Keywords: cataract, phacoemulsification, nanophthalmos, refractive error

Introduction

Cataract surgery is challenging in short eyes, with increased complication rates and poorer postoperative refractive predictability. Short eyes include simple microphthalmos, complex microphthalmos, nanophthalmos and relative anterior microphthalmos.1–3 Simple or isolated microphthalmos is an eye shorter than the mean by two standard deviations (typically <21.0 mm) with a normal anterior chamber depth and scleral thickness and no anatomical malformations.2–4 Eyes with complex microphthalmos also have a short axial length and normal anterior chamber depth but have anatomical malformations such as anterior segment dysgenesis, chorioretinal colobomas, retinal dysplasia and persistent fetal vasculature.2 Eyes with relative anterior microphthalmos have a normal axial length but a shallow anterior chamber (<2.2 mm) and a small cornea (diameter <11.0 mm) with no other anatomical malformations.3,5 Nanophthalmos features a short axial length, possible smaller cornea (<11.0 mm), shallow anterior chamber and thickened choroid and sclera with no other anatomical malformations.6,7 A historical definition by Duke-Elder described nanophthalmic eyes containing two-thirds the normal volume with an axial length between 16.0 mm to 18.5 mm, moderate to high hypermetropia, shallow anterior chamber, iris convexity and occasional macular hypoplasia.1

Nanophthalmos and microphthalmos is diagnosed primarily by axial length, with cut-offs in the literature including <18.0 mm,8,9 <20.5 mm,10–12 and <21.0 mm.7,13,14 A globe measuring <21.0 mm represents an axial length shorter than average by two standard deviation values.4,14 In addition, scleral thickening or combined retinal-choroidal-scleral thickening is used as an additional diagnostic criterion in some studies.7,14,15

Nanophthalmos is a rare condition with a prevalence of 0.0009–0.017%.16,17 Genes associated with nanophthalmos include NNO1 on chromosome 11 and MFRP on 11q23.3 and autosomal dominant and recessive inheritance patterns may occur.18 Abnormal collagen arrangement in affected eyes leads to poor growth of the eye as well as a thickened but weak sclera, especially posteriorly,7,19 which impairs venous drainage through the vortex veins and may lead to uveal effusion.20,21 The lens has a normal morphology causing a crowding effect that shallows the anterior chamber and predisposes to angle-closure glaucoma.2 Furthermore, the lens increases in size and width with age, further narrowing the angle.

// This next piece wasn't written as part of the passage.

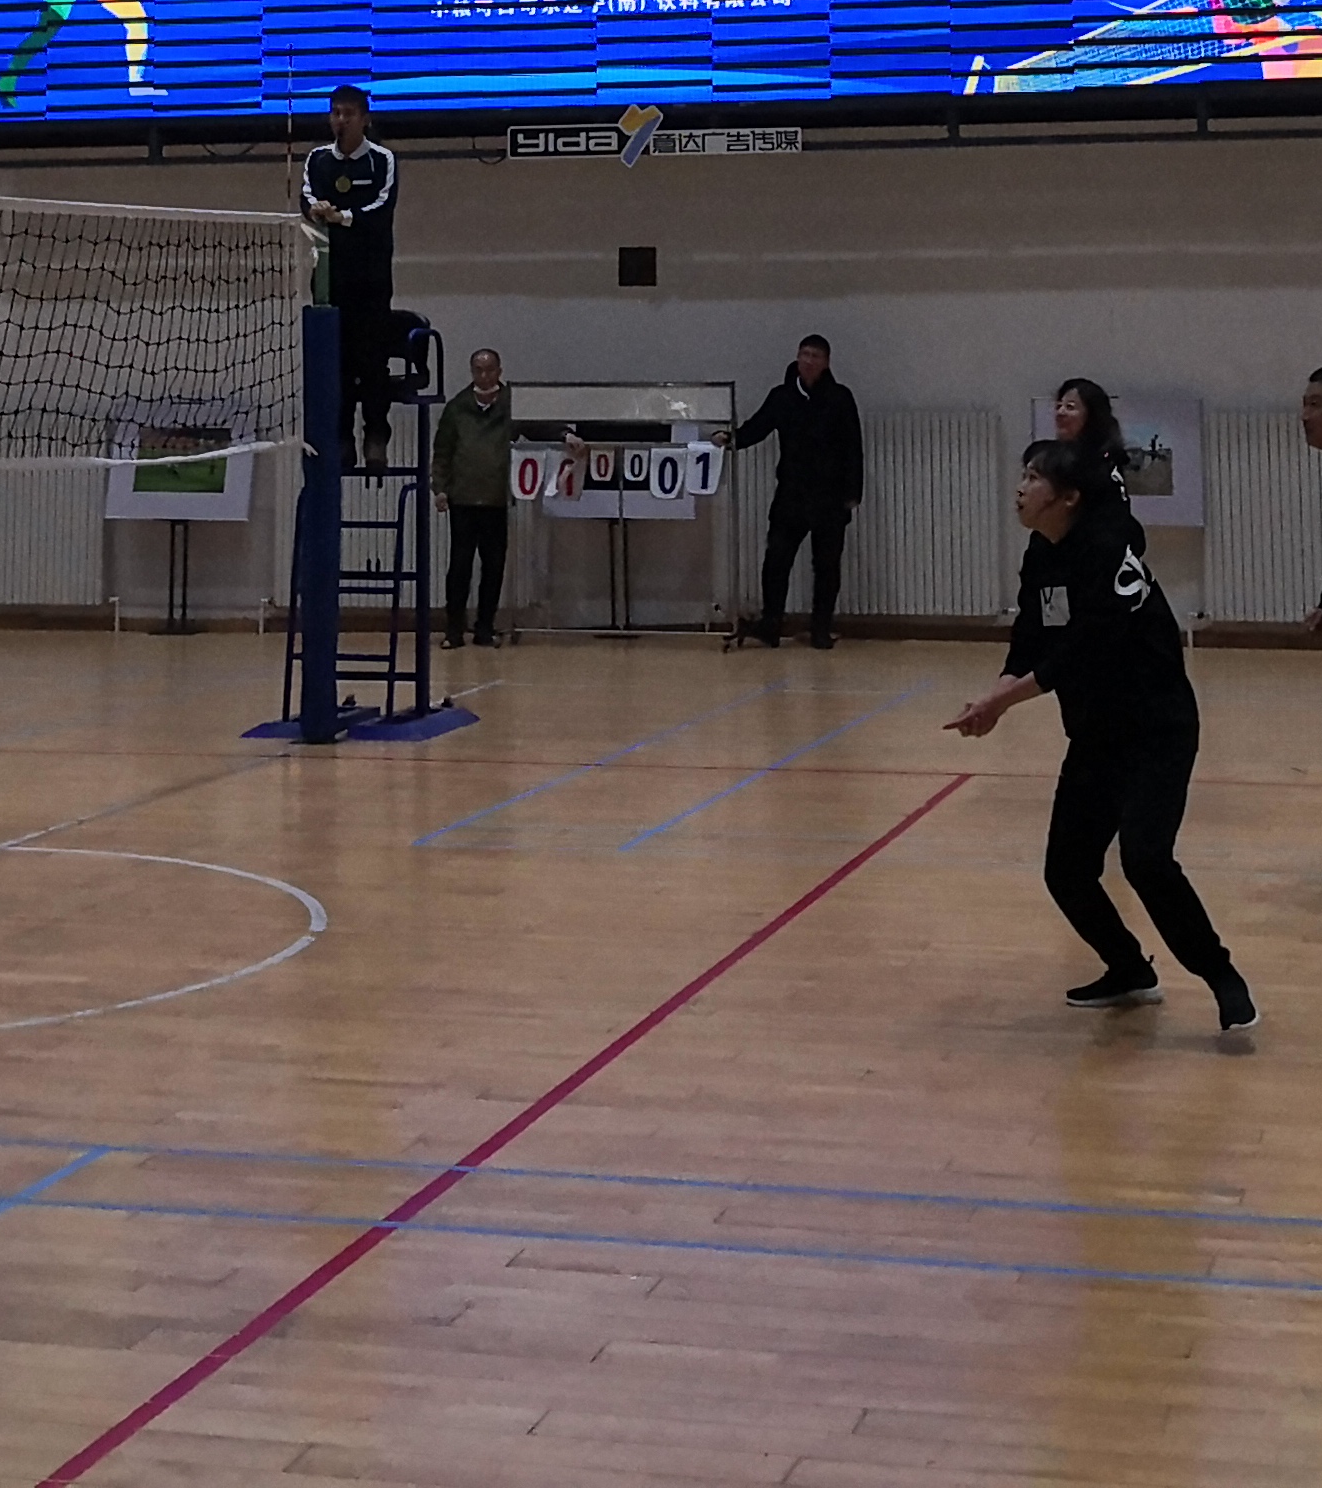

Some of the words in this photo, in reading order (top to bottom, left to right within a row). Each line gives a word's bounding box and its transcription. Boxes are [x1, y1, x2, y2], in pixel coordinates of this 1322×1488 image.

Angle-closure glaucoma in nanophthalmic eyes is difficult to manage as laser peripheral iridotomy, medical and surgical treatment are all more challenging, associated with poorer outcomes and may not adequately control intraocular pressure (IOP).7,14,22

Cataract surgery in short eyes is surgically challenging with a higher risk of intra- and postoperative complications. In addition to the increased risk of uveal effusions, an increased risk of aqueous misdirection, cystoid macular edema, choroidal haemorrhage, vitreous haemorrhage, retinal detachment and corneal decompensation has been described.2,7,23 The eye is situated deeper in the orbit and often has poorer pupil dilation and the closer proximity of the iris to the cornea increases the risk of Descemet’s flaps, iris prolapse into the surgical wound and intraoperative corneal endothelial damage.2

Postoperative refraction is more difficult to predict in short eyes using current popular intraocular lens (IOL) formulae.10,24 Older generation formulae such as Hoffer Q, Holladay 1 and SRK/T use two variables (keratometry and axial length) while newer generation formulae such as Haigis, Holladay 2 and Barrett Universal II incorporate up to seven variables to produce greater predictive accuracy.25 Previous studies have suggested superiority of Hoffer Q, Holladay 2 and Haigis over SRK II and SRK/T in short axial lengths.23,26–28 Recently, the novel Kane formula has been demonstrated to be a very accurate IOL formula for short eyes.29–31

This study evaluates the visual outcomes and complications of phacoemulsification surgery in adult short eyes and nanophthalmic eyes at a single tertiary hospital. The secondary purpose is to compare the predicted postoperative refraction in these patients using Barrett Universal II, Hoffer Q, SRK/T and Kane formula.31,39

Materials and Methods

Ethics Committee approval from the South Eastern Sydney Local Health District Human Research Ethics Committee was obtained prior to commencing this retrospective study. The committee approved this study and classified it as a low-risk, retrospective study (HREC: 19/124). Permission was obtained from the dataset owner to use this information for the purposes of this research and all data were anonymised. This study was conducted in accordance with the Declaration of Helsinki.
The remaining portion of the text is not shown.